━━ Recorded data

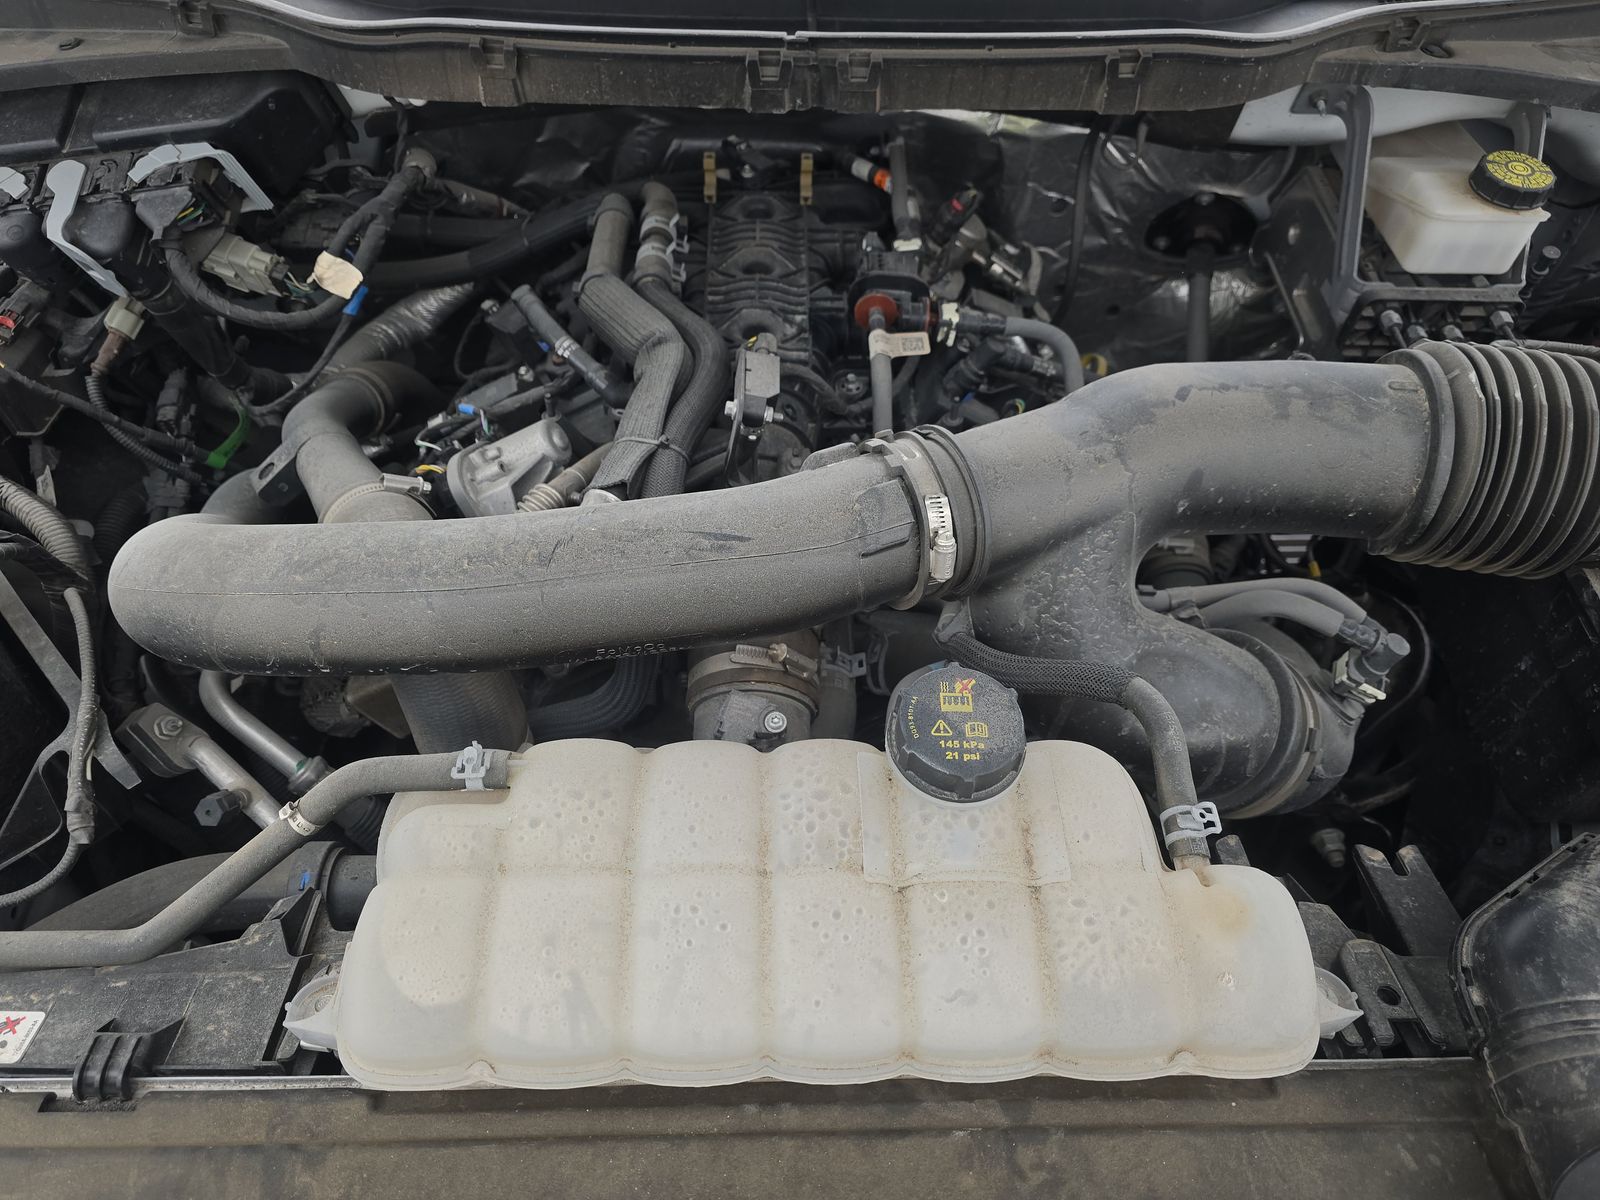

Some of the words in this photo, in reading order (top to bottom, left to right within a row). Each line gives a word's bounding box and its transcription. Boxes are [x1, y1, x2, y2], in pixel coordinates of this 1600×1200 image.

[939, 740, 960, 749] 145
[963, 740, 985, 749] kPa
[945, 751, 959, 761] 21
[963, 752, 980, 762] psi
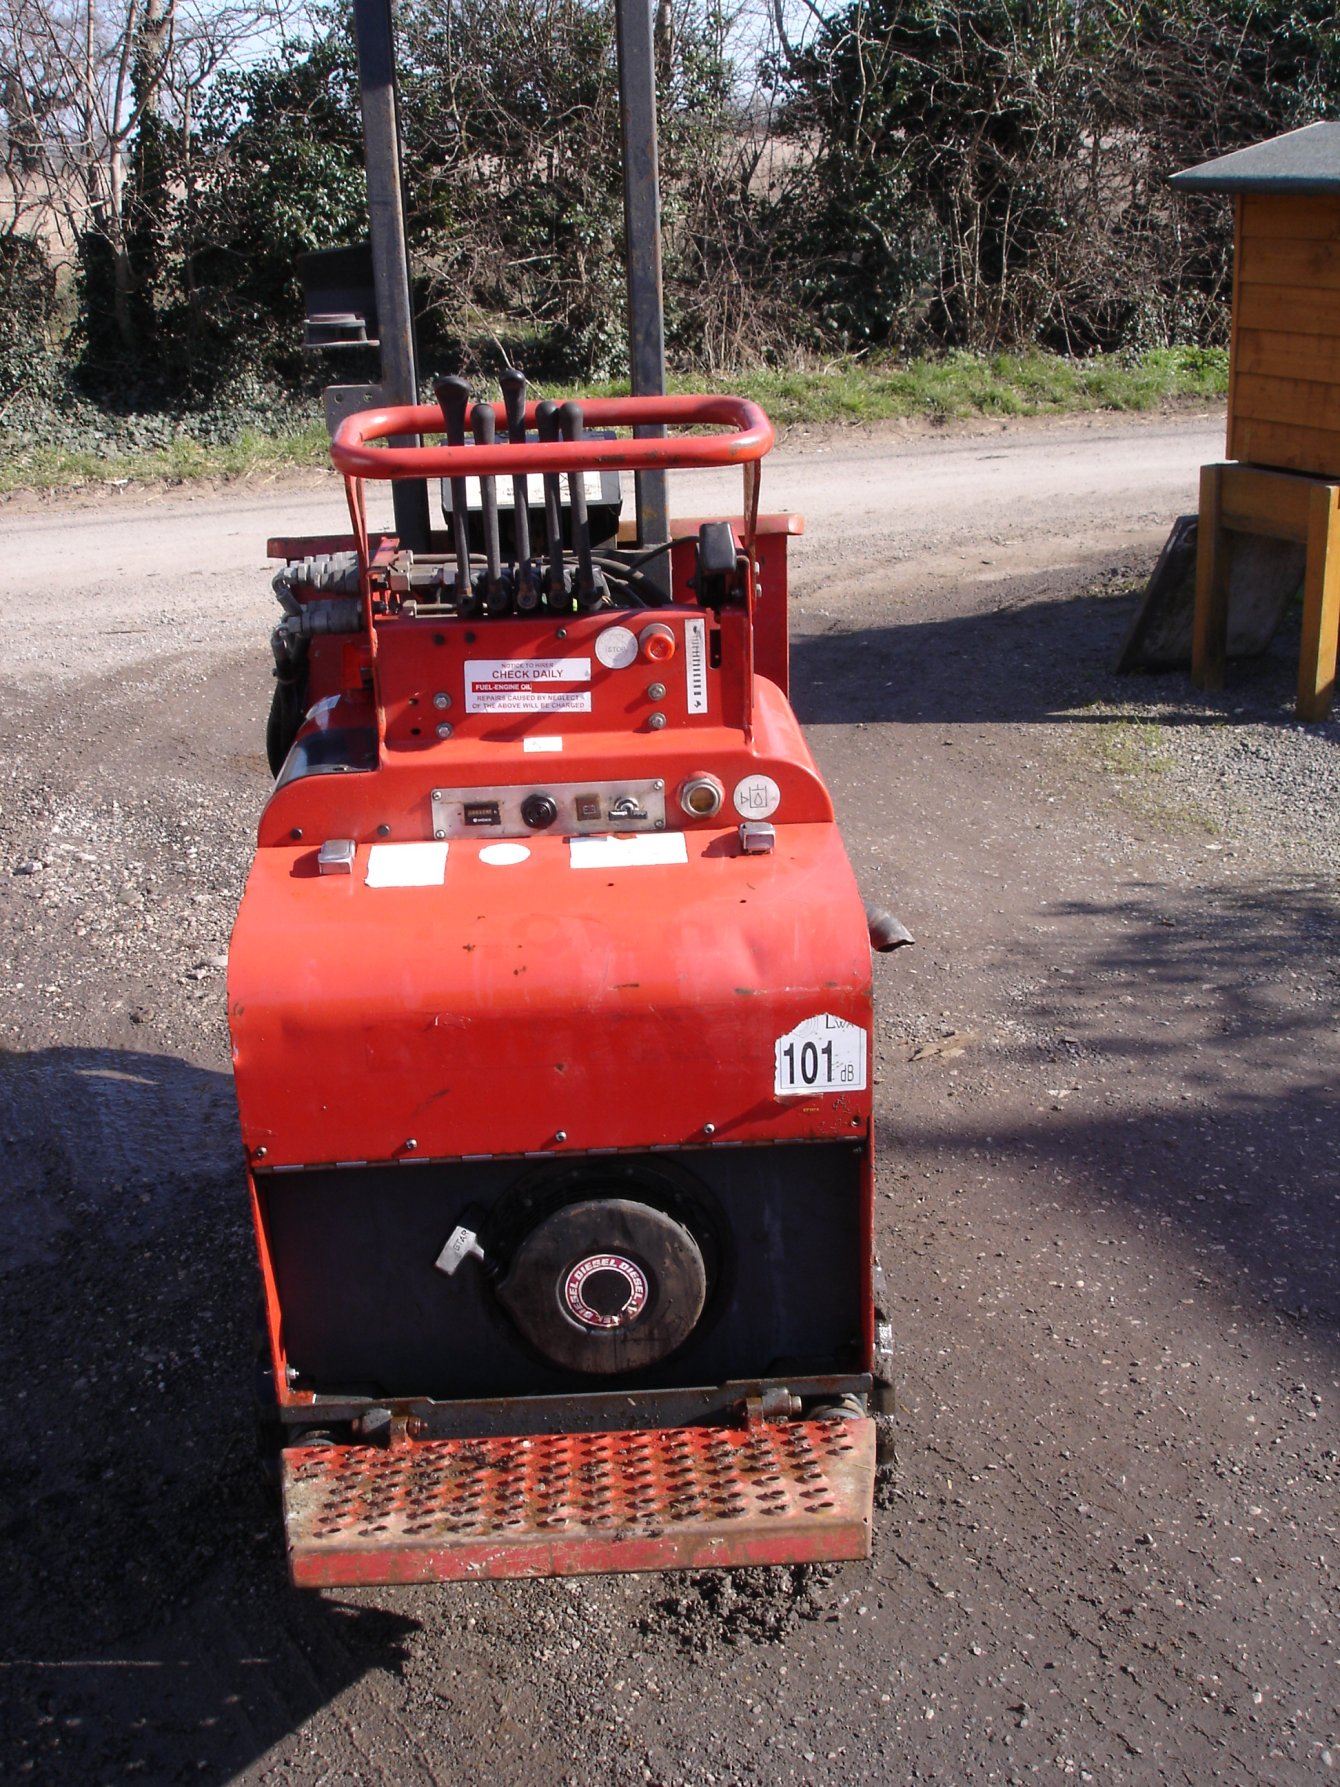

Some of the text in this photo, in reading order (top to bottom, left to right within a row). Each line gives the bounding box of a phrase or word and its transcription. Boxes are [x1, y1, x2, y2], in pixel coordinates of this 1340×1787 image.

[492, 669, 563, 679] CHECK DAILY
[783, 1040, 854, 1084] 101 dB
[573, 1258, 618, 1281] DIESEL
[619, 1262, 643, 1300] DIESEL
[569, 1281, 594, 1319] DIESEL
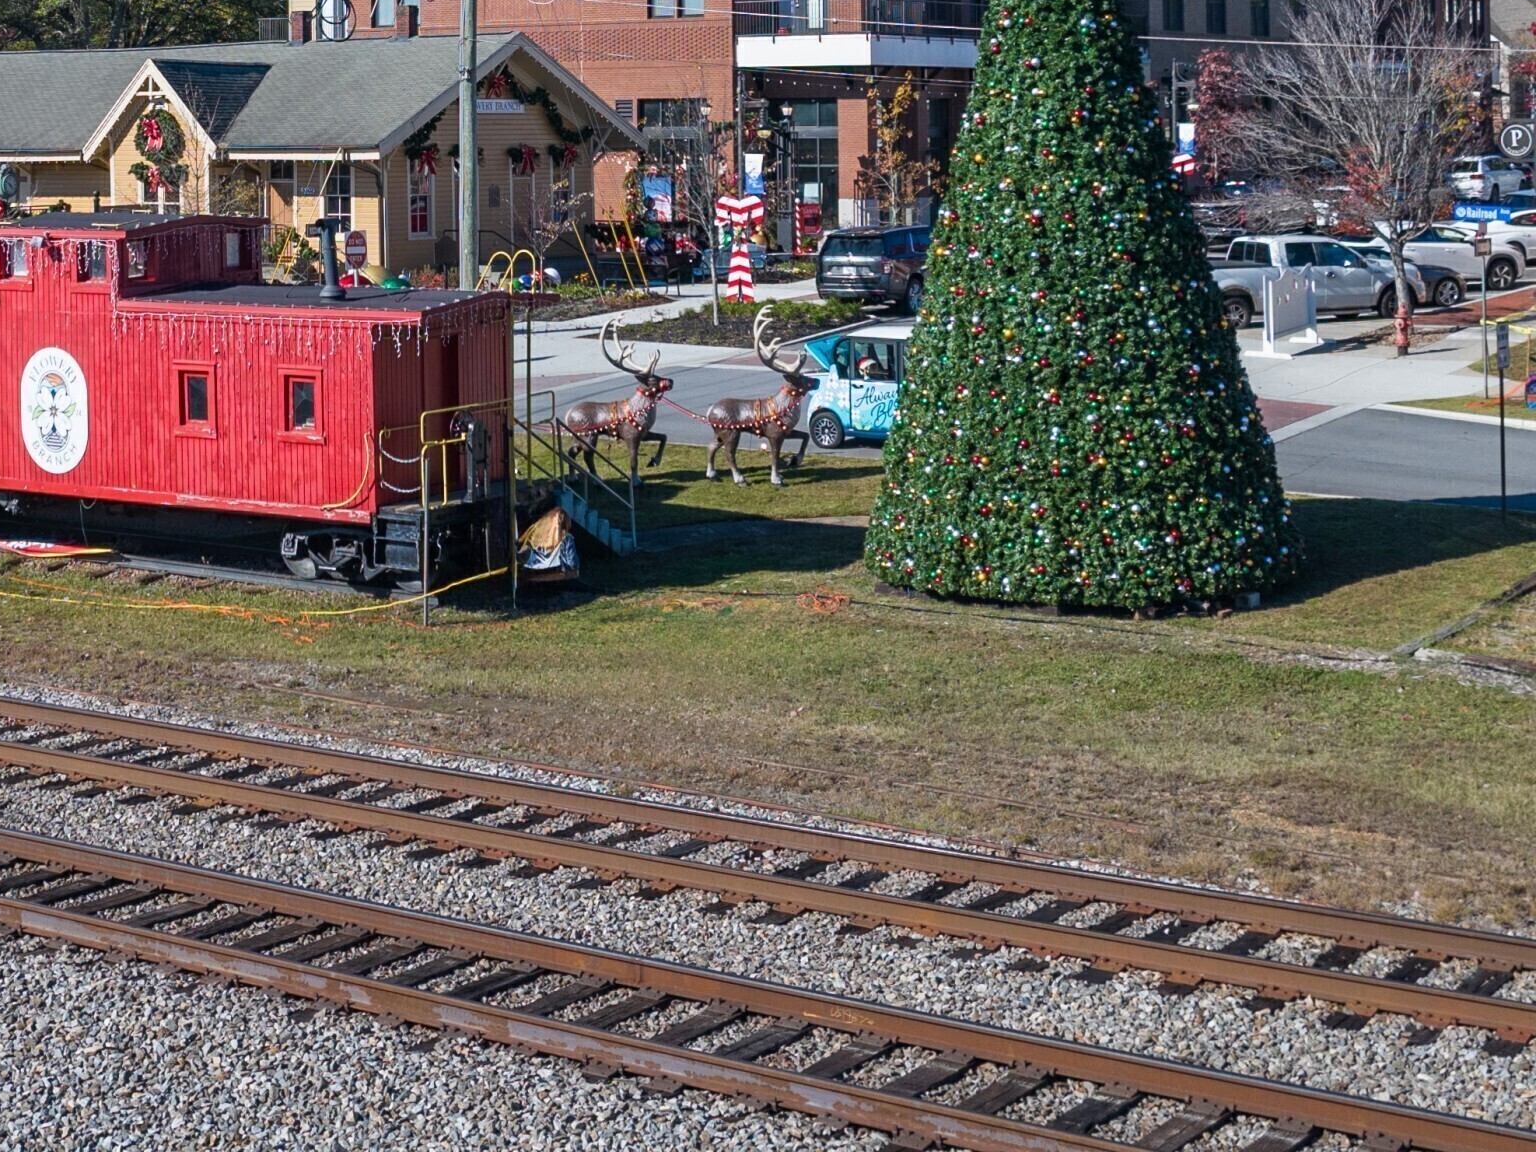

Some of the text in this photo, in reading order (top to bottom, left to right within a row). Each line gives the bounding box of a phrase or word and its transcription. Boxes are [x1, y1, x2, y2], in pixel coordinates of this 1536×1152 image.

[495, 101, 521, 111] BRANCH
[1510, 129, 1523, 147] P
[1466, 207, 1498, 219] Railroad
[29, 355, 77, 384] FLOWERY
[32, 440, 77, 466] BRANCH
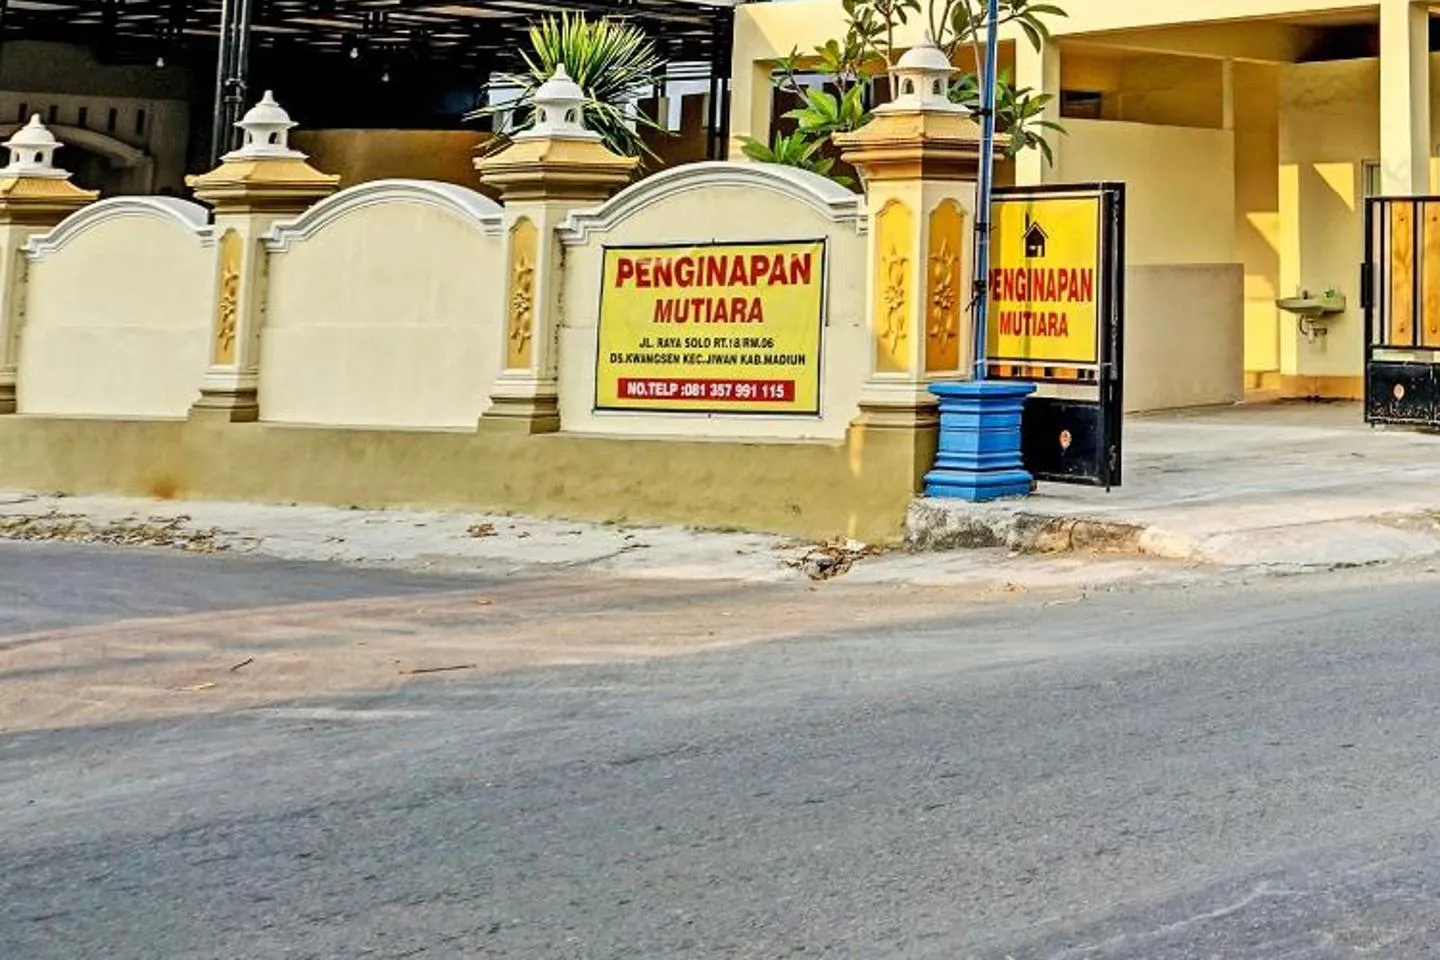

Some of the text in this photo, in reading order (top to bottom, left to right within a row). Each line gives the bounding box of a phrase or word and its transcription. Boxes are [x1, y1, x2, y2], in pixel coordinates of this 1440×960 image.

━━━━

Apart from the images, every line above is to be given again exactly.

▶ [Response below]
Some of the words in this photo, in reading order (top to bottom, left to right within a row). Each line gives a word's bounding box and its transcription. Boxes are [x1, y1, x2, y2], in pixel coordinates of this 1600×1200 image.

[939, 740, 960, 749] 145
[963, 740, 985, 749] kPa
[945, 751, 959, 761] 21
[963, 752, 980, 762] psi

Some of the text in this photo, in reading order (top to bottom, left to right within a row). Each line gives the bounding box of a phrase or word and its transcription. Boxes are [x1, y1, x2, y2], in pixel coordinates of this 1340×1787 image.

[492, 669, 563, 679] CHECK DAILY
[783, 1040, 854, 1084] 101 dB
[573, 1258, 618, 1281] DIESEL
[619, 1262, 643, 1300] DIESEL
[569, 1281, 594, 1319] DIESEL

Some of the text in this photo, in reading order (top to bottom, left to right within a row). Each line gives the bounding box of a phrase or word and its transcription. Boxes are [x1, y1, x2, y2], in pixel coordinates of this 1536×1152 image.

[495, 101, 521, 111] BRANCH
[1510, 129, 1523, 147] P
[1466, 207, 1498, 219] Railroad
[29, 355, 77, 384] FLOWERY
[32, 440, 77, 466] BRANCH

Some of the text in this photo, in reading order (top to bottom, left to right within a row). Each line gives the bounding box of a phrase or word and its transcription. Boxes are [x1, y1, x2, y2], in pixel coordinates of this 1440×960 image.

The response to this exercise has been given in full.